The virtually identical oxygen isotope compositions of the Earth and Moon revealed by Apollo return samples have been a challenging constraint for lunar formation models. For a giant impact scenario to explain this observation, either the precursors to the Earth and Moon had identical oxygen isotope values or extensive homogenization of the two bodies occurred following the impact event. Here we present high-precision oxygen isotope analyses of a range of lunar lithologies and show that the Earth and Moon in fact have distinctly different oxygen isotope compositions. Oxygen isotope values of lunar samples correlate with lithology, and we propose that the differences can be explained by mixing between isotopically light vapour, generated by the impact, and the outermost portion of the early lunar magma ocean. Our data suggest that samples derived from the deep lunar mantle, which are isotopically heavy compared to Earth, have isotopic compositions that are most representative of the proto-lunar impactor ‘Theia’. Our findings imply that the distinct oxygen isotope compositions of Theia and Earth were not completely homogenized by the Moon-forming impact, thus providing quantitative evidence that Theia could have formed farther from the Sun than did Earth.

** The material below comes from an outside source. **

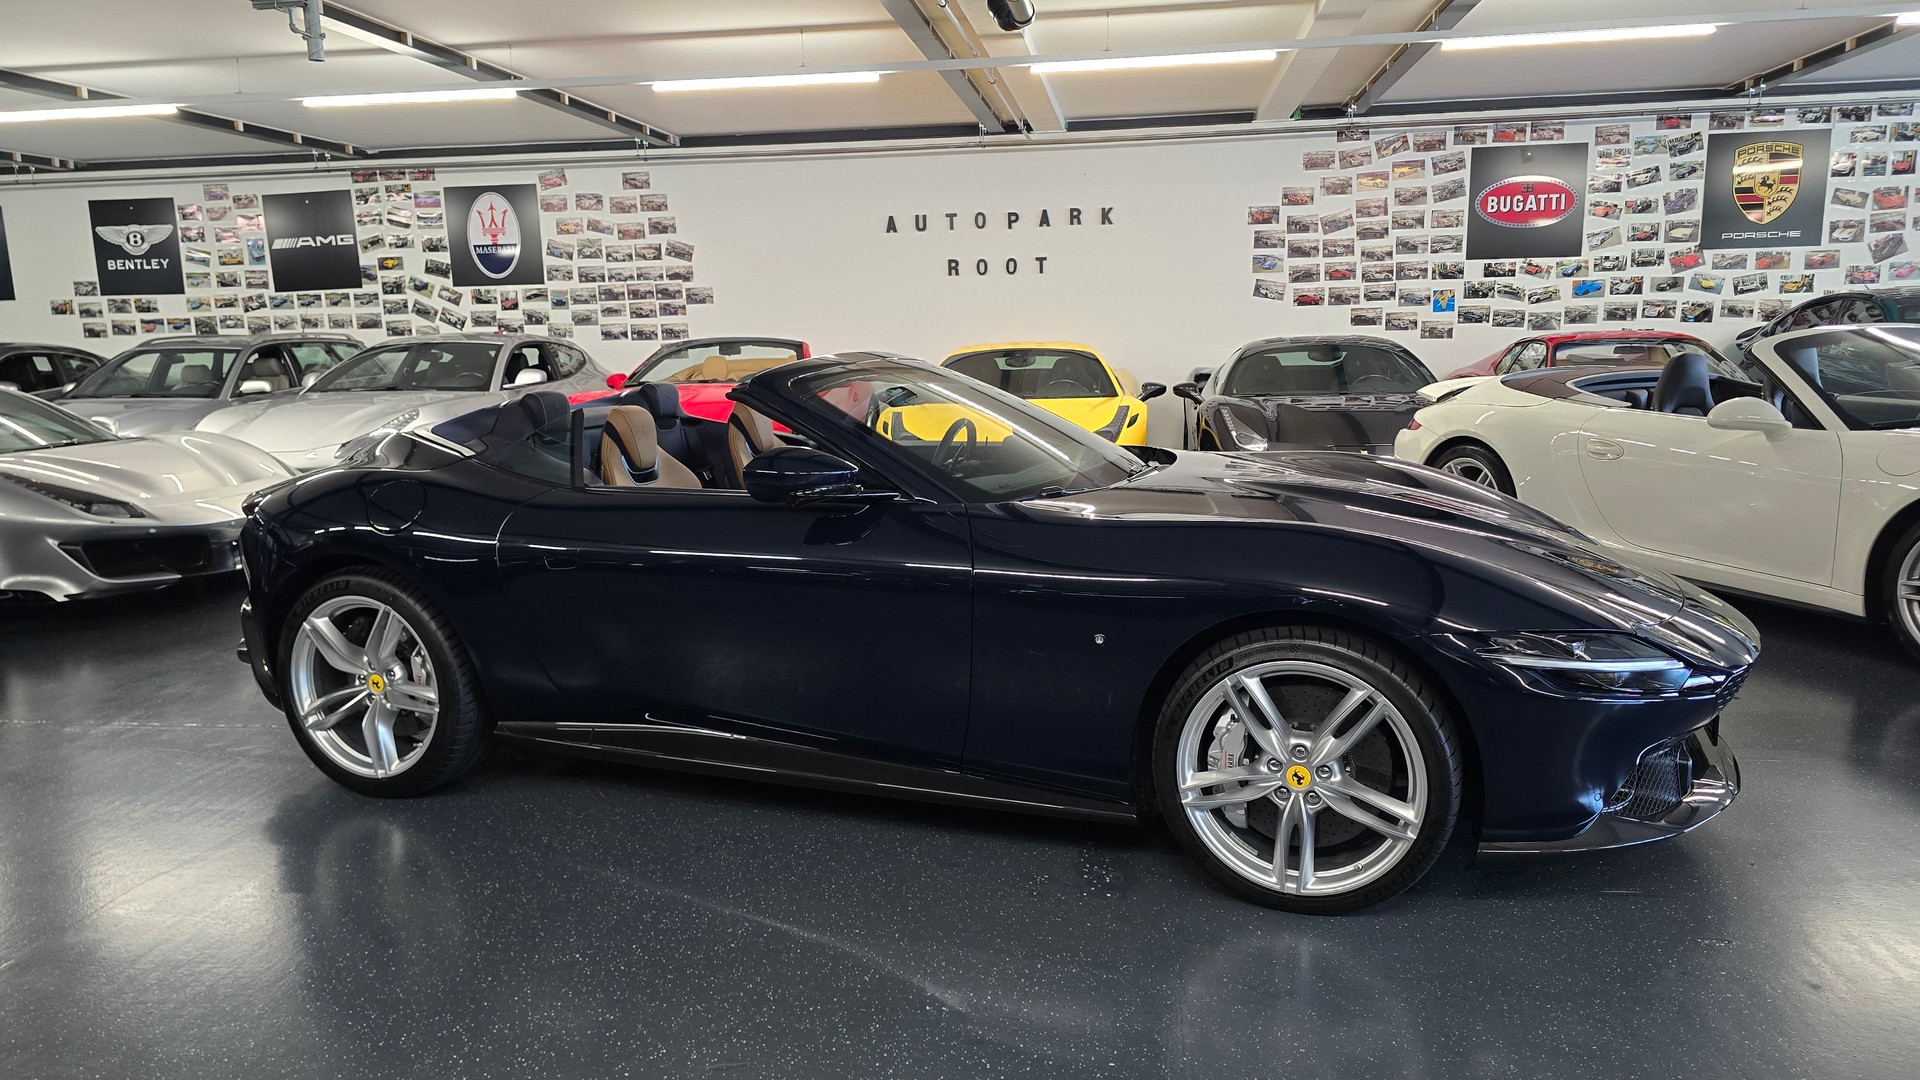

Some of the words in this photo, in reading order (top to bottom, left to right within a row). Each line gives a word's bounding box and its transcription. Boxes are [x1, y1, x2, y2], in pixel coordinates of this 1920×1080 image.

阿波罗返回样本揭示的地球和月球几乎相同的氧同位素组成一直是月球形成模型的挑战性约束。为了用一个巨大的撞击场景来解释这一现象，撞击事件发生后，地球和月球的前兆具有相同的氧同位素值，或者两个物体发生了广泛的均质化。在这里，我们对一系列月球岩性进行了高精度的氧同位素分析，结果表明地球和月球实际上具有明显不同的氧同位素组成。月球样品的氧同位素值与岩性相关，我们建议可以通过撞击产生的同位素轻蒸气与月球早期岩浆海洋的最外层之间的混合来解释差异。我们的数据表明，与地球相比同位素深的月球深部样品具有最能代表原月球撞击物“ Theia”的同位素组成。我们的发现表明，Theia和地球的独特氧同位素组成并未因形成月球的撞击而完全同质化，因此提供了定量证据，证明Theia可能比地球更远离太阳。